Dataset entries
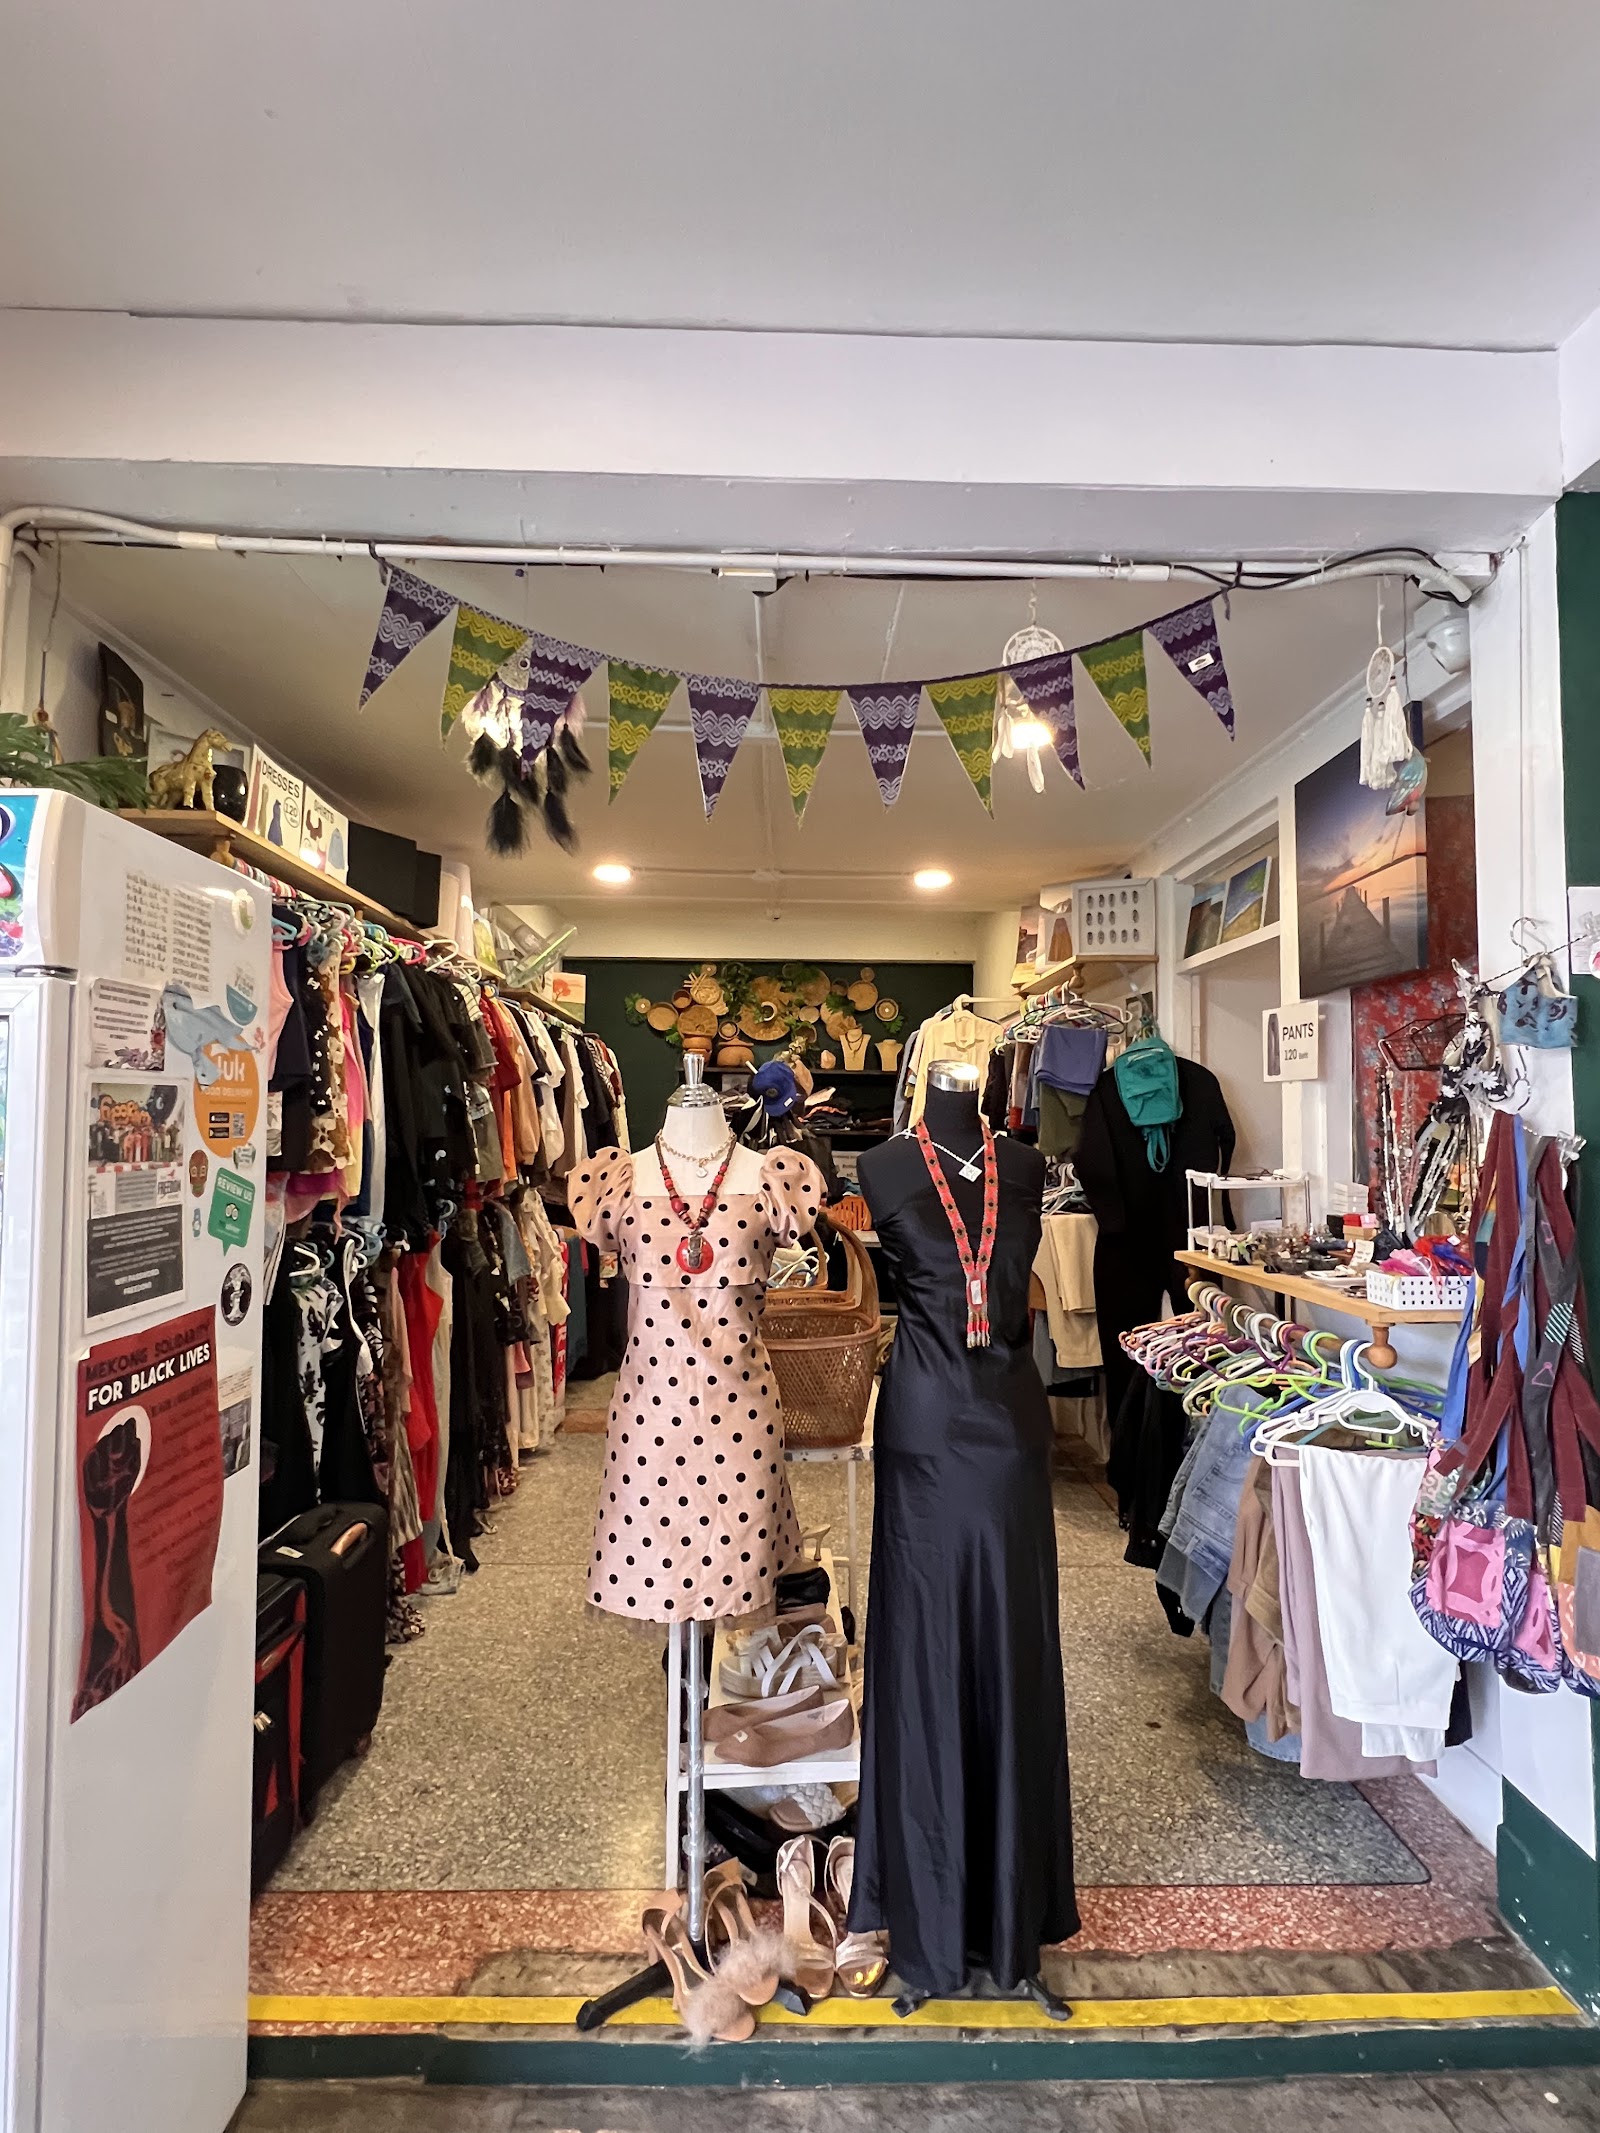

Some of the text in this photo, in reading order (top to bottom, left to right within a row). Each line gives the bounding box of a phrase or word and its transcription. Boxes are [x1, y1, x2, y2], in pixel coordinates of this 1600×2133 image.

[262, 761, 300, 799] DRESSES
[285, 803, 298, 818] 120
[1282, 1022, 1314, 1041] PANTS
[1284, 1048, 1298, 1061] 120
[217, 1176, 253, 1202] REVIEW US
[86, 1347, 148, 1380] MEKONG
[88, 1380, 123, 1411] FOR
[130, 1357, 175, 1394] BLACK
[180, 1343, 210, 1372] LIVES

## Assignment
The records above should be written out in full and unchanged, except that pictures are dropped.

## Output of the exercise
Some of the text in this photo, in reading order (top to bottom, left to right within a row). Each line gives the bounding box of a phrase or word and its transcription. Boxes are [x1, y1, x2, y2], in pixel coordinates of this 1600×2133 image.

[262, 761, 300, 799] DRESSES
[285, 803, 298, 818] 120
[1282, 1022, 1314, 1041] PANTS
[1284, 1048, 1298, 1061] 120
[217, 1176, 253, 1202] REVIEW US
[86, 1347, 148, 1380] MEKONG
[88, 1380, 123, 1411] FOR
[130, 1357, 175, 1394] BLACK
[180, 1343, 210, 1372] LIVES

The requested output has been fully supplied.